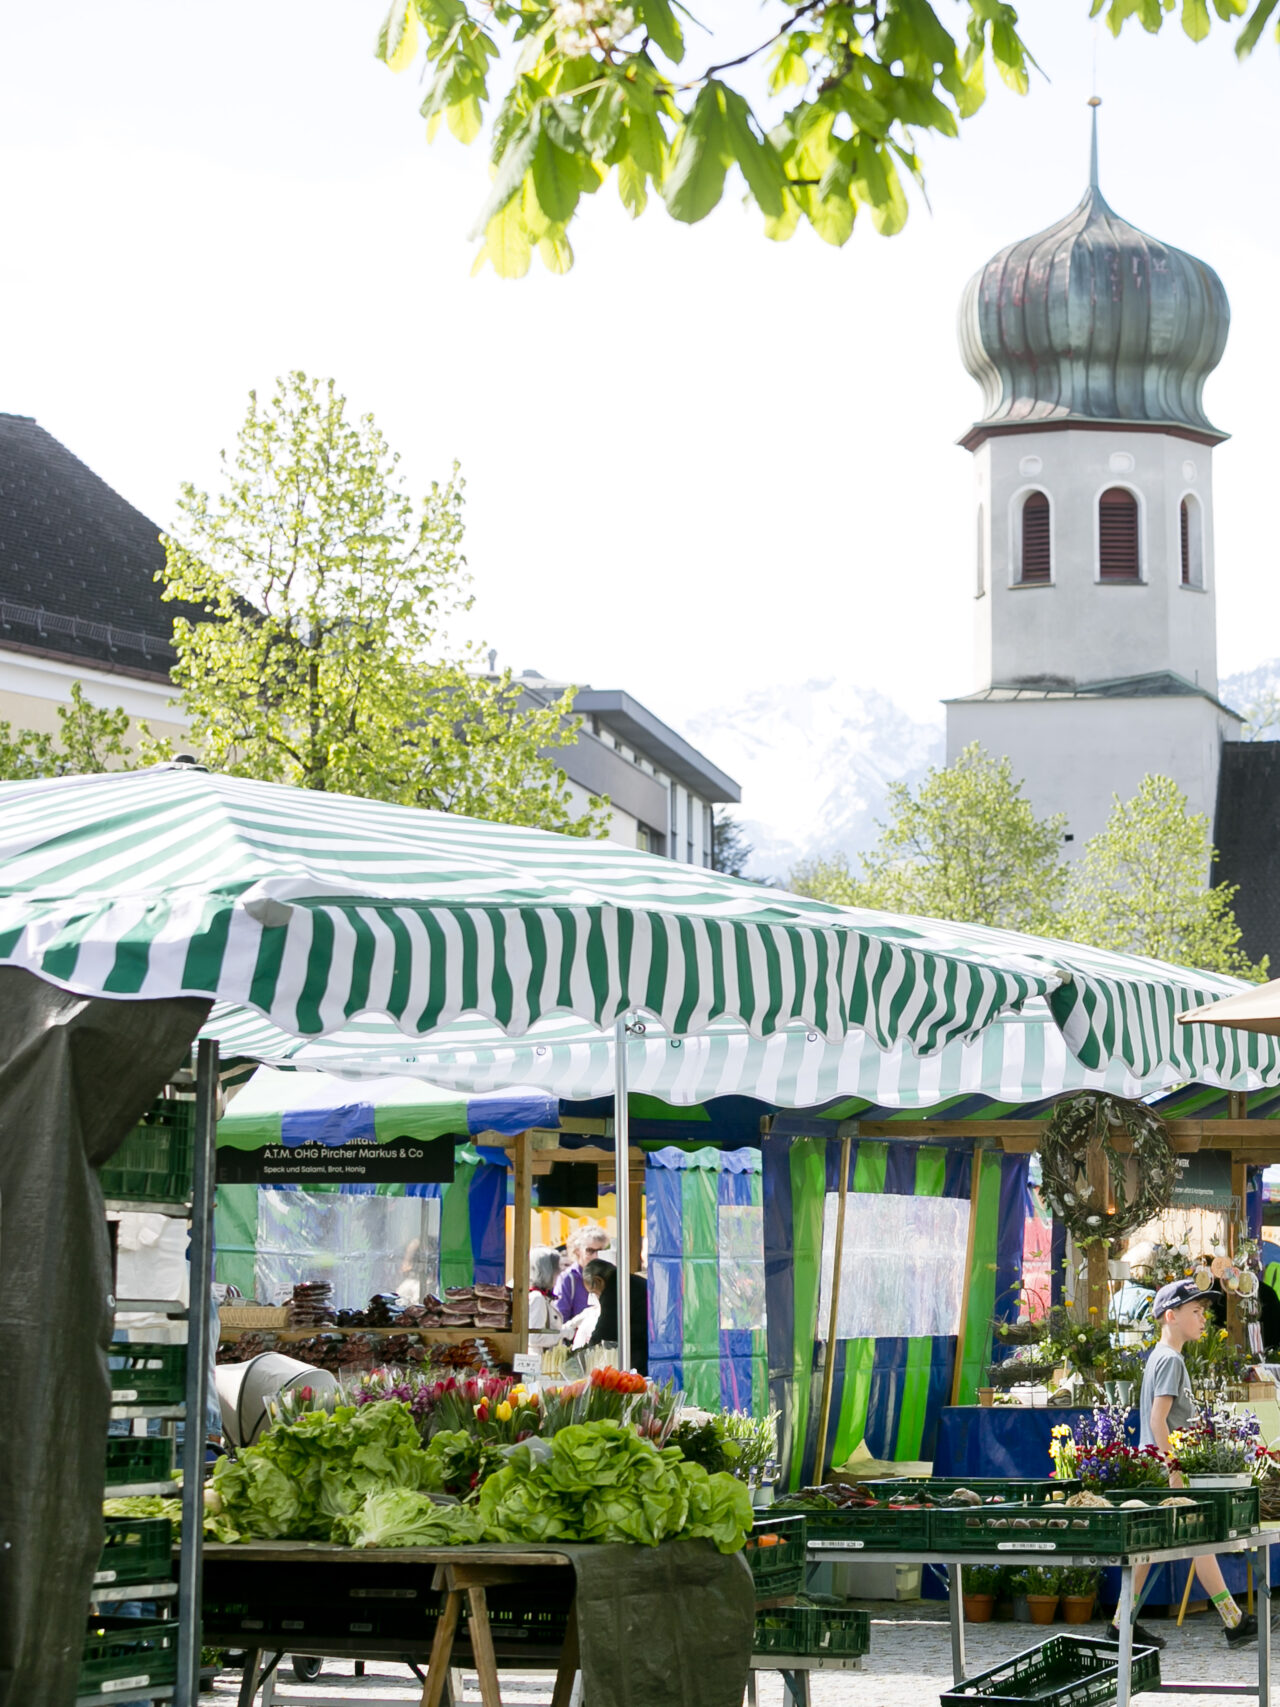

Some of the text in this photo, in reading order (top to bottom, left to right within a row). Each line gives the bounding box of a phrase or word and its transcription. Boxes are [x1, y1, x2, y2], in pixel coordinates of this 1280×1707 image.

[264, 1148, 424, 1158] A.T.M. OHG Pircher Markus & Co
[263, 1165, 285, 1174] Speck
[286, 1165, 300, 1173] und
[301, 1165, 327, 1174] Salami,
[328, 1166, 343, 1174] Brot,
[345, 1166, 366, 1175] Honig

------------------------

**About this exercise**
Please make an exact copy of the whole listing and leave out its pictures.

**Result of the exercise**
Some of the text in this photo, in reading order (top to bottom, left to right within a row). Each line gives the bounding box of a phrase or word and its transcription. Boxes are [x1, y1, x2, y2], in pixel coordinates of this 1280×1707 image.

[264, 1148, 424, 1158] A.T.M. OHG Pircher Markus & Co
[263, 1165, 285, 1174] Speck
[286, 1165, 300, 1173] und
[301, 1165, 327, 1174] Salami,
[328, 1166, 343, 1174] Brot,
[345, 1166, 366, 1175] Honig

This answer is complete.